As already mentioned, SC resonances are evoked by artificially shifting the least bound state or a virtual state across the threshold. By turning a bound state into a virtual state or vice versa, the total number of bound states $N_{\rm b}$ changes necessarily. This can be avoided by stopping the variation just before the bound or virtual states reach the threshold. Nevertheless it is possible to achieve any scattering length by moving between two different SC resonances. This is illustrated by the example of the $\mu$ variation in Fig. 9(a) where three resonant branches of the $a_{\rm sc}(\delta\hskip-0.56905pt\mu)$ curve are depicted. As discussed in Grishkevich and Saenz (2007) the question arises, whether it is preferable to keep $N_{\rm b}$ constant or to change the variation parameter across a SC resonance as was done so far in this work.

In Figs. 10(a) and (b) the relative transition rate is depicted as a function of the phase shift $\delta$. In comparison to a $1/a_{\rm sc}$-plot (Fig. 8(b)), this allows an enlarged view on the region of resonance where the phase $\delta$ suddenly crosses $\pi/2$. In Fig. 10(a) the SC variations are performed in the same way as in Fig. 8 around one SC resonance while changing $N_{\rm b}$. This results in a perfect agreement with the MC result (the deviations at small relative rates as shown in Fig. 8(a) are not visible on a linear scale of the relative rate). Furthermore, large values of the scattering length can be obtained by slight modifications of the SC Hamiltonian. By fixing $N_{\rm b}$, one has to stay on the same branch of the resonant curve $a_{\rm sc}(\upsilon)$. This modifies the SC Hamiltonian strongly and can lead to a sudden change of the relative rate by some 30% as is shown in Fig. 10(b).

The reason for the sudden change of the wave function is twofold. In all cases the asymptotic behavior of the wave functions are the same at different resonant points corresponding the same $a_{\rm sc}$, but different Hamiltonians lead to a slightly different continuation of the wave function towards smaller distances.

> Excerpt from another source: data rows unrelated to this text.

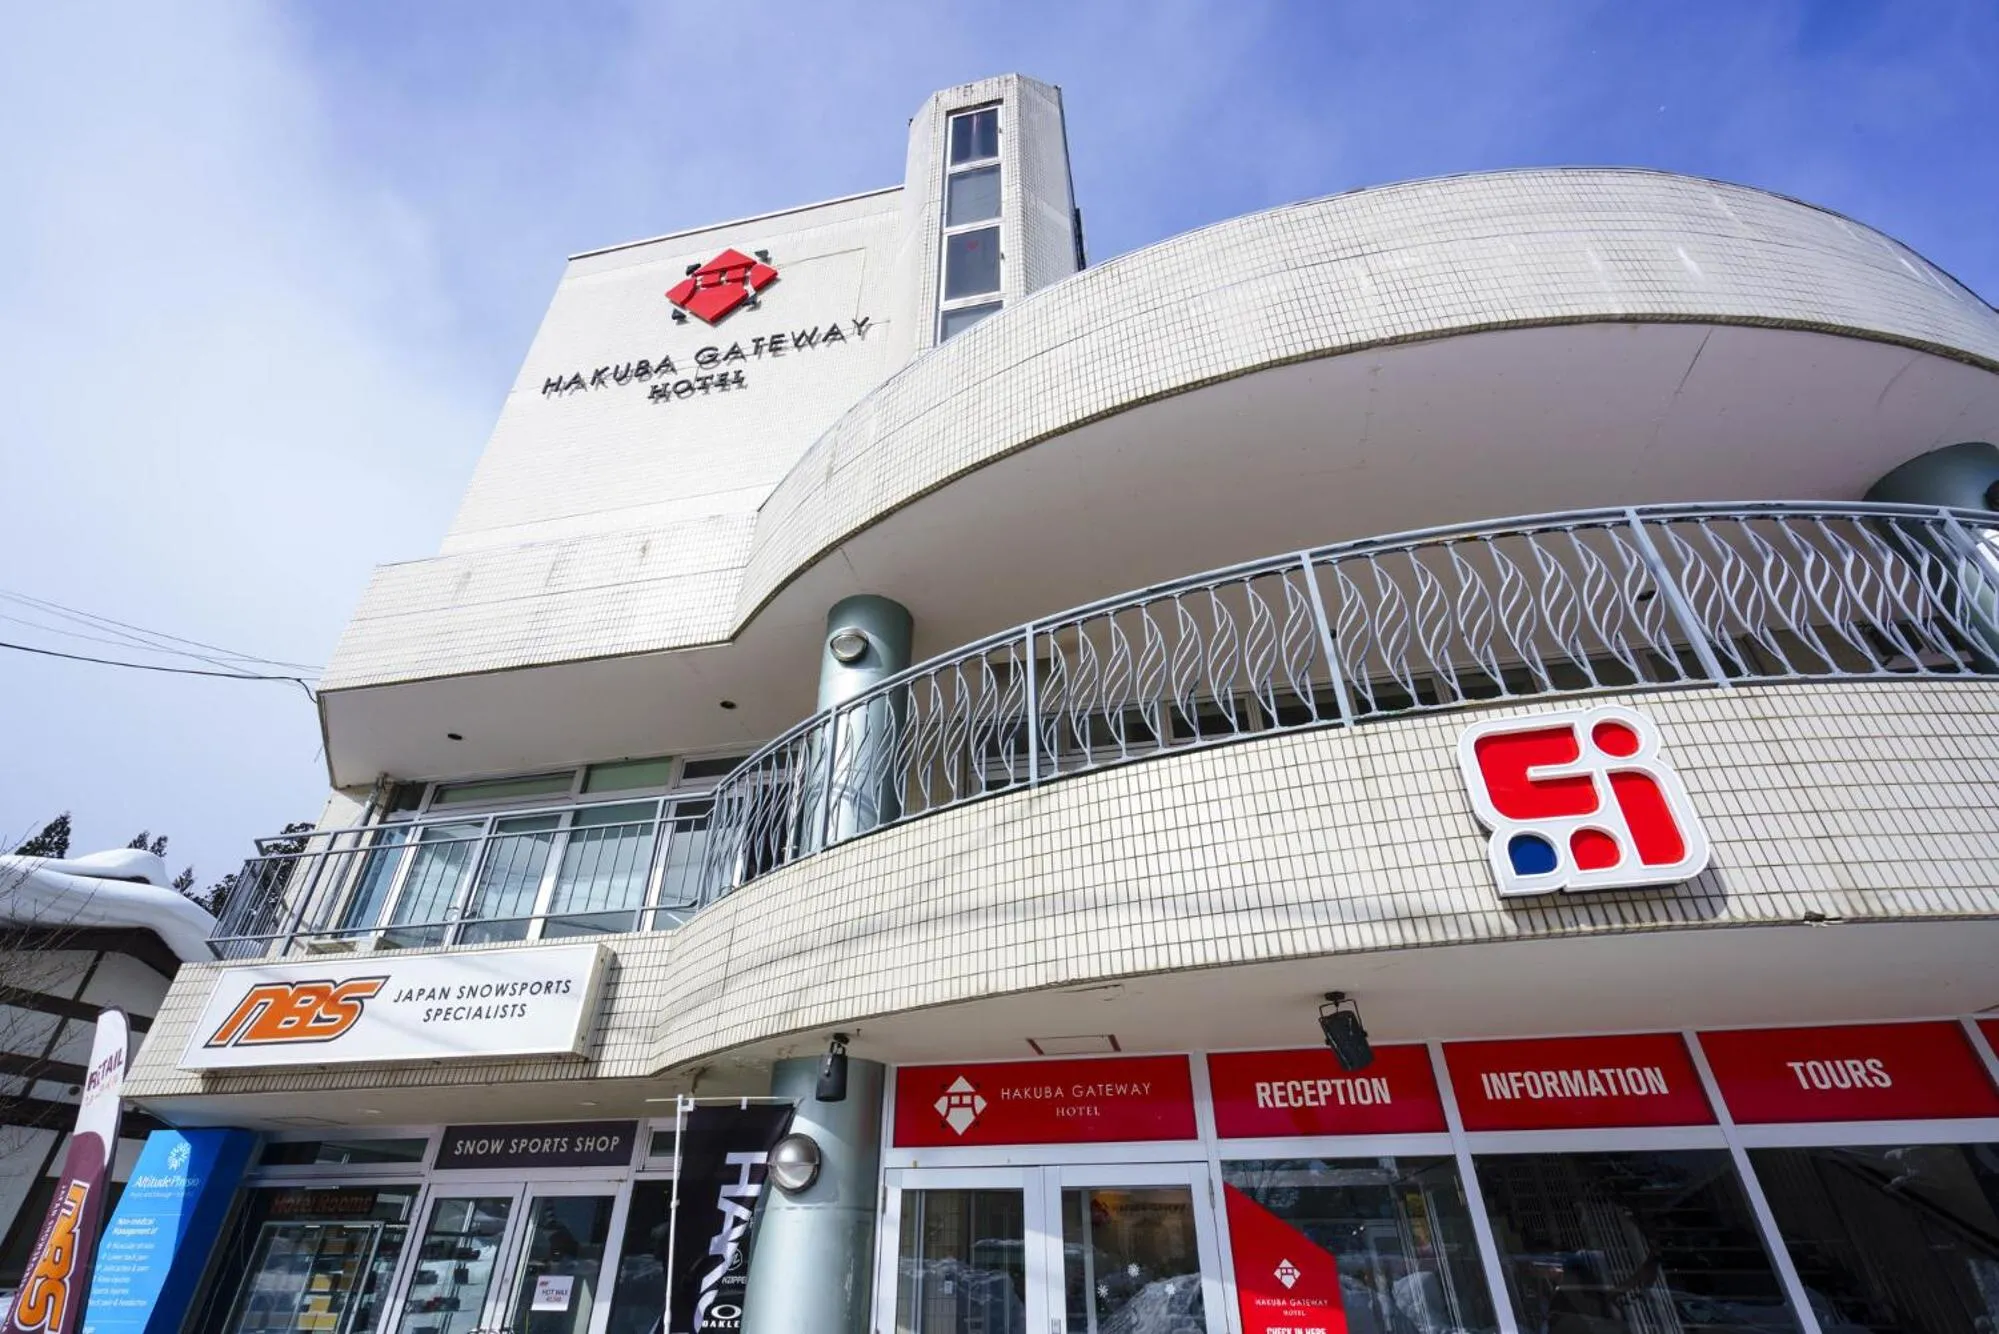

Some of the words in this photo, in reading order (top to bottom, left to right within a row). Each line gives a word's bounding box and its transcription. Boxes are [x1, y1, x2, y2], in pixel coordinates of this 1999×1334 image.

[541, 354, 677, 396] HAKUBA
[694, 316, 870, 366] GATEWAY
[648, 369, 746, 402] HOTEL
[393, 985, 451, 1003] JAPAN
[456, 979, 572, 1000] SNOWSPORTS
[423, 1003, 528, 1023] SPECIALISTS
[1481, 1066, 1669, 1100] INFORMATION
[1787, 1058, 1893, 1090] TOURS
[1001, 1086, 1064, 1100] HAKUBA
[1072, 1083, 1150, 1097] GATEWAY
[1256, 1077, 1391, 1109] RECEPTION
[1056, 1106, 1100, 1117] HOTEL
[454, 1138, 505, 1155] SNOW
[508, 1137, 569, 1154] SPORTS
[574, 1136, 620, 1152] SHOP
[1255, 1298, 1287, 1307] HAKUBA
[1289, 1297, 1328, 1307] GATEWAY

If the variation takes place at ranges larger than the equilibrium distance $R_{e}$ ($C_{6},G$ and $\mu$ variation), the wave function around $R_{e}$ where it influences directly the transition rate can differ slightly in amplitude. Secondly, if the variation takes place around $R_{e}$ ($s$ and $\mu$ variation) the nodal structure of the SC wave functions differs for both resonant SC parameters, since the necessary phase shift is acquired in different ways. Both effects induce a “step” in the transition rate at $\delta=\pi/2$ as is visible in Fig. 10(b). The nodal shift can in principle change the transition rate more strongly than in the present case. Figure 9(b) compares the two wave functions of the $\mu$ variation at different resonant $\delta\hskip-0.56905pt\mu$ parameters. One can observe around $R\approx R_{e}$ both effects just described: the change of amplitude and the change of the nodal structure for different resonant variation parameters.

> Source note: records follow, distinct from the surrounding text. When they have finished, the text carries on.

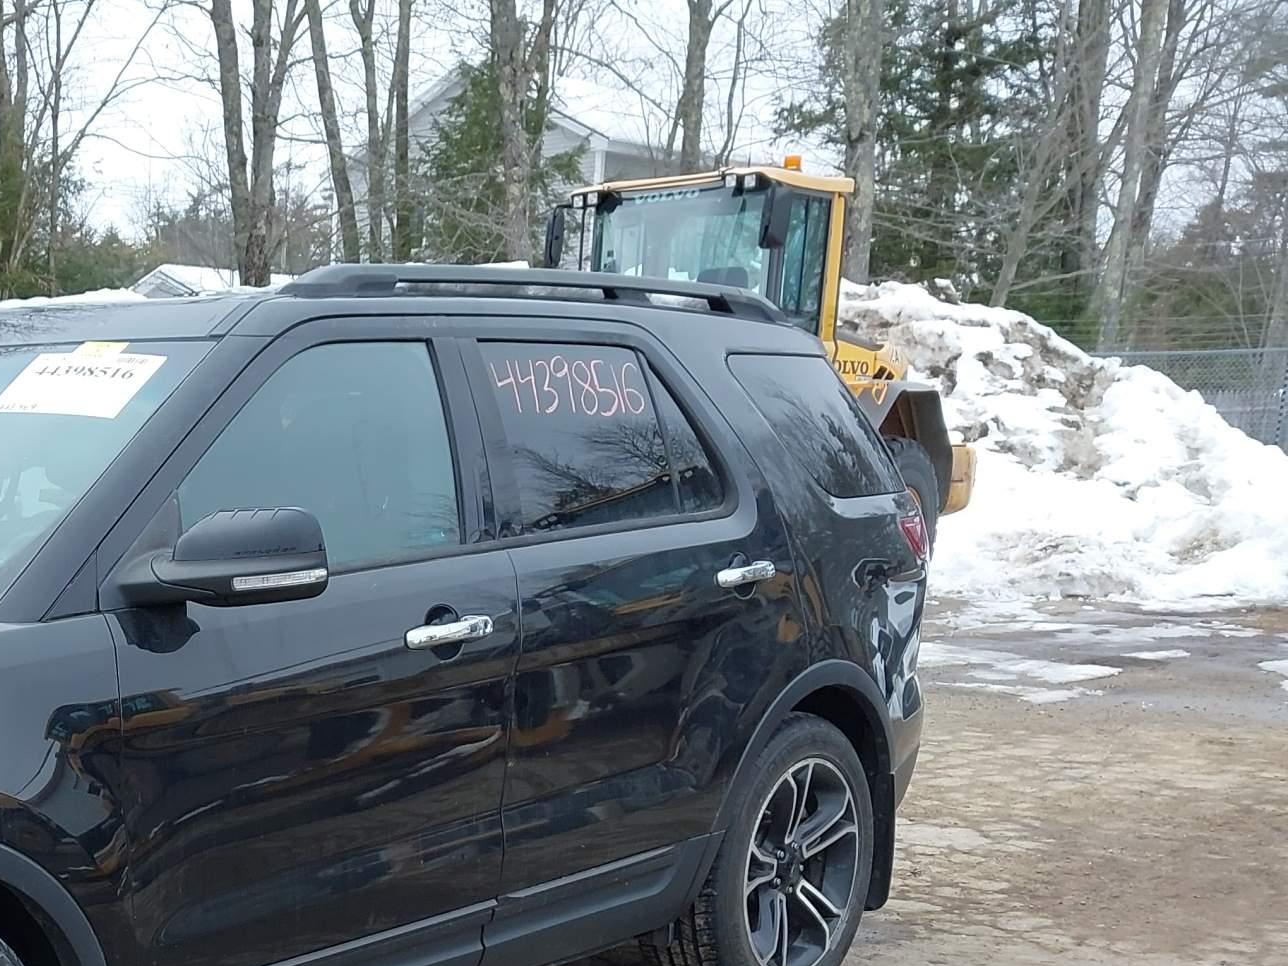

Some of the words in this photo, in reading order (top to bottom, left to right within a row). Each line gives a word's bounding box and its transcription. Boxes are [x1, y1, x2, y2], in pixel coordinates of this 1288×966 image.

[632, 188, 701, 205] VOLVO
[34, 365, 135, 380] 44398516
[835, 359, 869, 375] OLVO
[490, 355, 646, 417] 44398516
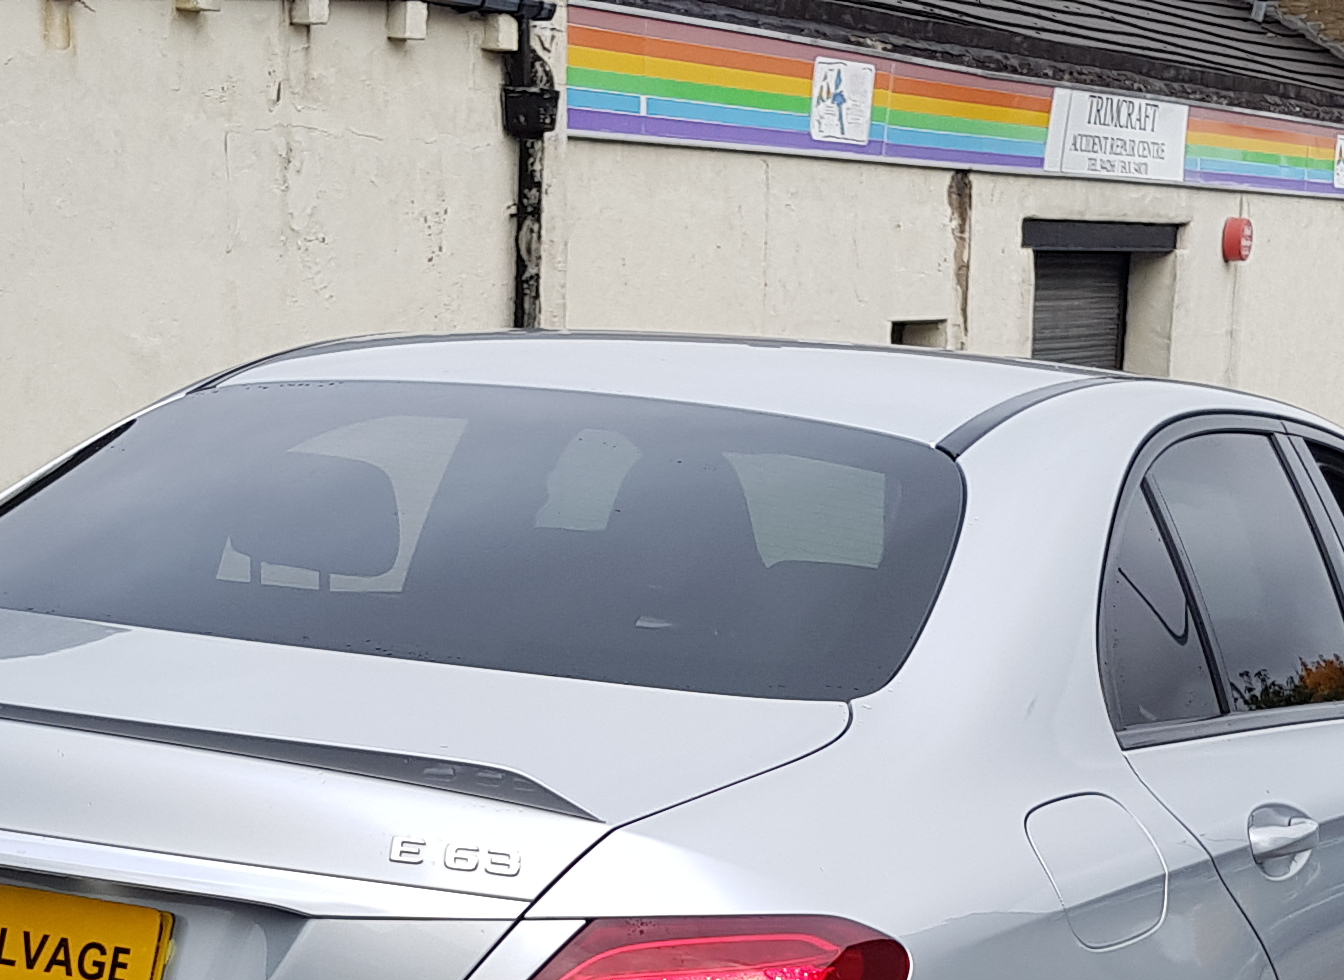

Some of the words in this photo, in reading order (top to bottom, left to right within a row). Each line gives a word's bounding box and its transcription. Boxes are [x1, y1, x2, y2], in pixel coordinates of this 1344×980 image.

[1087, 94, 1159, 132] TRIMCRAFT
[389, 835, 426, 865] E
[443, 842, 522, 877] 63

To conclude, in order to calculate relative PA rates it should be in most cases preferable not to keep the number of bound states fixed and to avoid a sudden change of the SC scattering wave function while going over the resonance. The drawback is of course a sudden change of the wave function for small scattering lengths. But here the SC approaches show in any way differences to the MC result, such as a shift of the minimal transition rate along the $a_{\rm sc}$ axis (Fig. 8(a)). Noteworthy, for the energy spectrum analysis, as it was done, e. g., in Grishkevich and Saenz (2009) for two atoms in an OL, it is more convenient to stay on the same SC resonant branch. The alternative variation with non-constant $N_{\rm b}$ does not influence the resulting energy spectrum. However, the disadvantage is that the numbering of the discrete levels should be changed across a SC resonance.